▶ _RECORDS FOR THE EXERCISE_
□ □ □

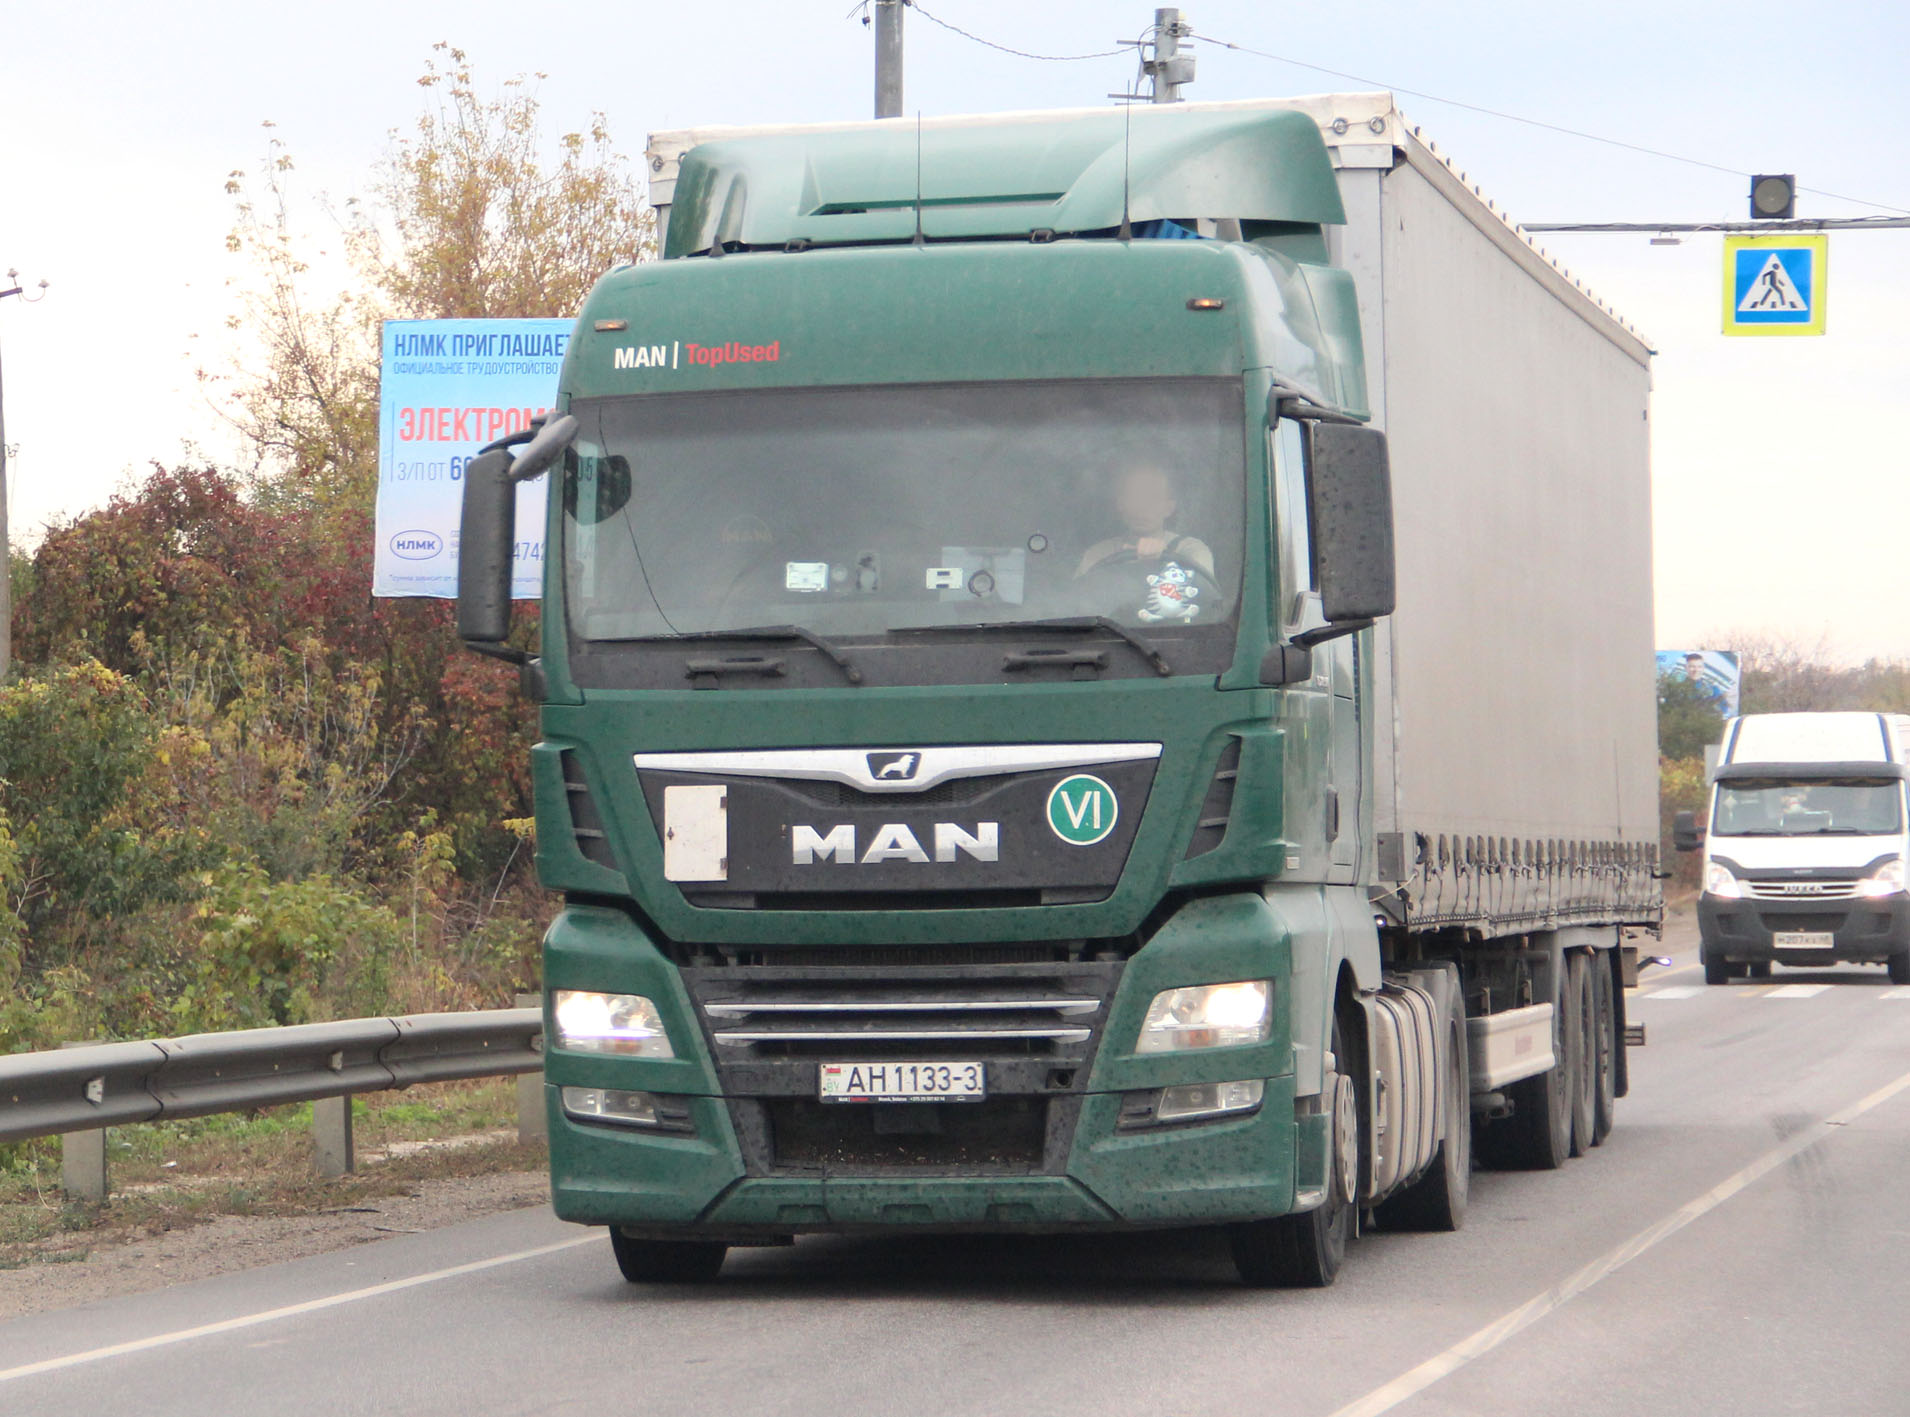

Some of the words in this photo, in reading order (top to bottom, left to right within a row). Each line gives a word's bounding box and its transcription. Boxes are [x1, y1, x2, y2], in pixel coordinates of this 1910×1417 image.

[394, 334, 447, 356] НЛМК
[614, 345, 667, 369] MAN
[685, 340, 780, 368] TopUsed
[393, 361, 464, 375] ОФИЦИАЛЬНОЕ
[466, 360, 559, 376] ТРУДОУСТРОЙСТВО
[396, 539, 436, 551] НЛМК
[1060, 791, 1101, 830] VI
[792, 822, 999, 865] MAN
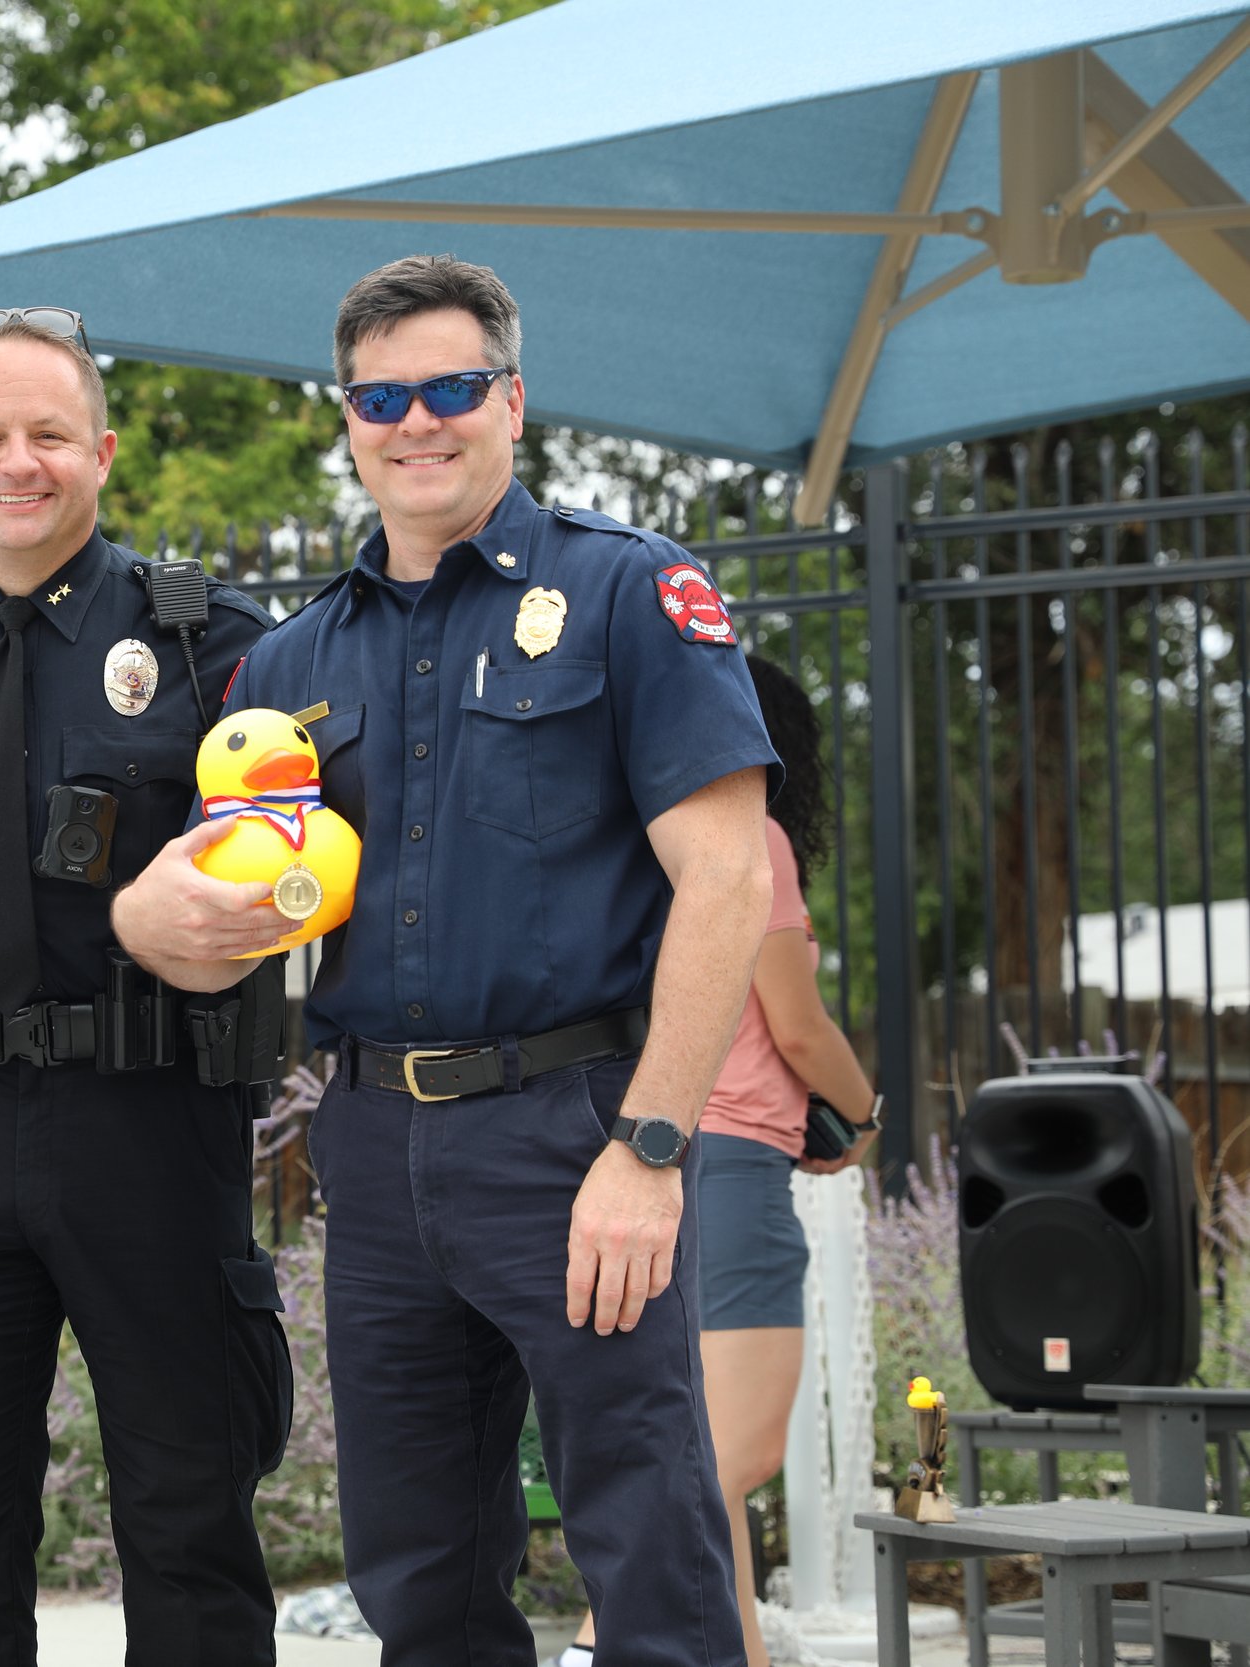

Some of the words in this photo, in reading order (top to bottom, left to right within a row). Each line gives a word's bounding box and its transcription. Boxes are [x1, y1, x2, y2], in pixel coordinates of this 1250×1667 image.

□ □ □

▶ _WORK TO COMPLETE_
Retype all entries exactly; omit pictures.

▶ _SOLUTION BELOW_
Some of the words in this photo, in reading order (top to bottom, left to right within a row). Each line gives a word's bounding box and its transcription. Boxes are [x1, y1, x2, y2], in pixel coordinates of this 1910×1417 image.

[394, 334, 447, 356] НЛМК
[614, 345, 667, 369] MAN
[685, 340, 780, 368] TopUsed
[393, 361, 464, 375] ОФИЦИАЛЬНОЕ
[466, 360, 559, 376] ТРУДОУСТРОЙСТВО
[396, 539, 436, 551] НЛМК
[1060, 791, 1101, 830] VI
[792, 822, 999, 865] MAN

Some of the words in this photo, in reading order (top to bottom, left to right within a row). Each line gives a word's bounding box and its transcription. Boxes are [x1, y1, x2, y2], in pixel coordinates of this 1250×1667 image.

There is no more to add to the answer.